# [Work item]
Set the listing down exactly; no pictures.

# [Extracted material]
*** Block opens ***

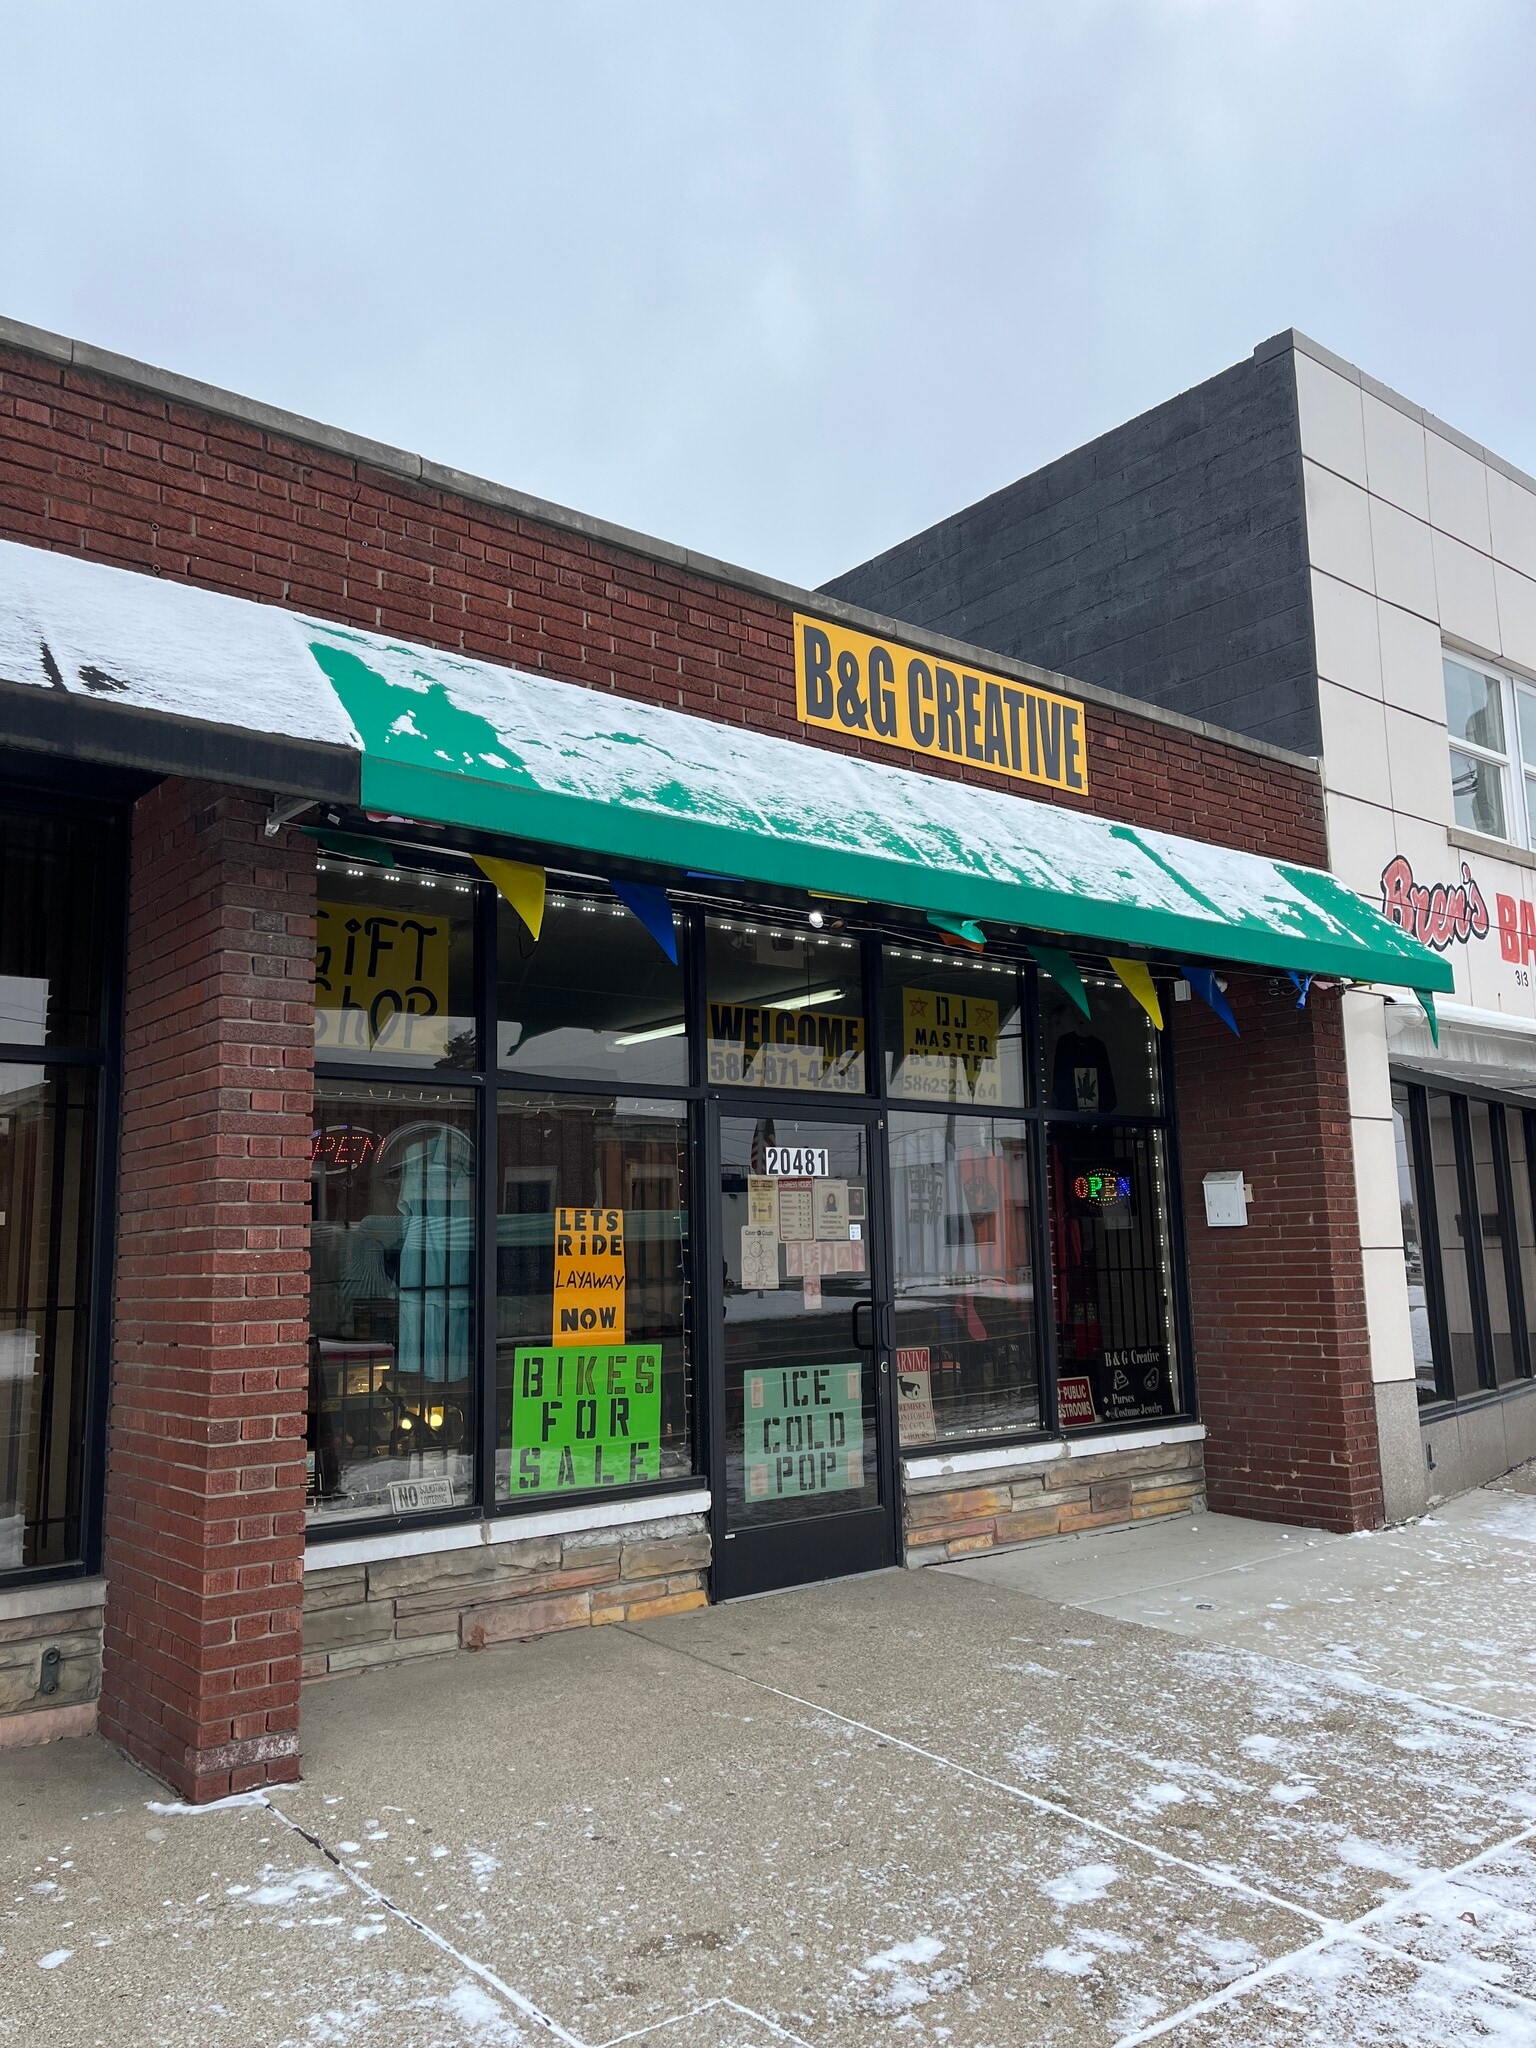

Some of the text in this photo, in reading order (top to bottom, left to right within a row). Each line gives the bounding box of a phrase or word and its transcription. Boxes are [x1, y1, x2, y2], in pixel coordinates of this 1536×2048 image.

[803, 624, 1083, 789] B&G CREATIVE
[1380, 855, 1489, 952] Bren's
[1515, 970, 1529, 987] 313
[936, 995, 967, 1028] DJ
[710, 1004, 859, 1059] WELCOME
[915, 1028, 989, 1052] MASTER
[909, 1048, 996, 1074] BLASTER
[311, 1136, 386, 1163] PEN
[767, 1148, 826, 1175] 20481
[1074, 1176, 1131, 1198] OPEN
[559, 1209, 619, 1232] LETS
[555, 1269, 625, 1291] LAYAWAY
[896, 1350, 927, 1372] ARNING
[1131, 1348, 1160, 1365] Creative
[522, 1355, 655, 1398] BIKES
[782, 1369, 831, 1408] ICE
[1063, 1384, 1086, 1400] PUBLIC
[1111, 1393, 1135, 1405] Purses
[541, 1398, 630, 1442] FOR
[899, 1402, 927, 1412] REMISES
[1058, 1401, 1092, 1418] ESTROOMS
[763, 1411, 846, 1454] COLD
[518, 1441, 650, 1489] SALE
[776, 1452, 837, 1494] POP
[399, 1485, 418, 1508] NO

*** Block closes ***

# [Result below]
Some of the text in this photo, in reading order (top to bottom, left to right within a row). Each line gives the bounding box of a phrase or word and its transcription. Boxes are [x1, y1, x2, y2], in pixel coordinates of this 1536×2048 image.

[803, 624, 1083, 789] B&G CREATIVE
[1380, 855, 1489, 952] Bren's
[1515, 970, 1529, 987] 313
[936, 995, 967, 1028] DJ
[710, 1004, 859, 1059] WELCOME
[915, 1028, 989, 1052] MASTER
[909, 1048, 996, 1074] BLASTER
[311, 1136, 386, 1163] PEN
[767, 1148, 826, 1175] 20481
[1074, 1176, 1131, 1198] OPEN
[559, 1209, 619, 1232] LETS
[555, 1269, 625, 1291] LAYAWAY
[896, 1350, 927, 1372] ARNING
[1131, 1348, 1160, 1365] Creative
[522, 1355, 655, 1398] BIKES
[782, 1369, 831, 1408] ICE
[1063, 1384, 1086, 1400] PUBLIC
[1111, 1393, 1135, 1405] Purses
[541, 1398, 630, 1442] FOR
[899, 1402, 927, 1412] REMISES
[1058, 1401, 1092, 1418] ESTROOMS
[763, 1411, 846, 1454] COLD
[518, 1441, 650, 1489] SALE
[776, 1452, 837, 1494] POP
[399, 1485, 418, 1508] NO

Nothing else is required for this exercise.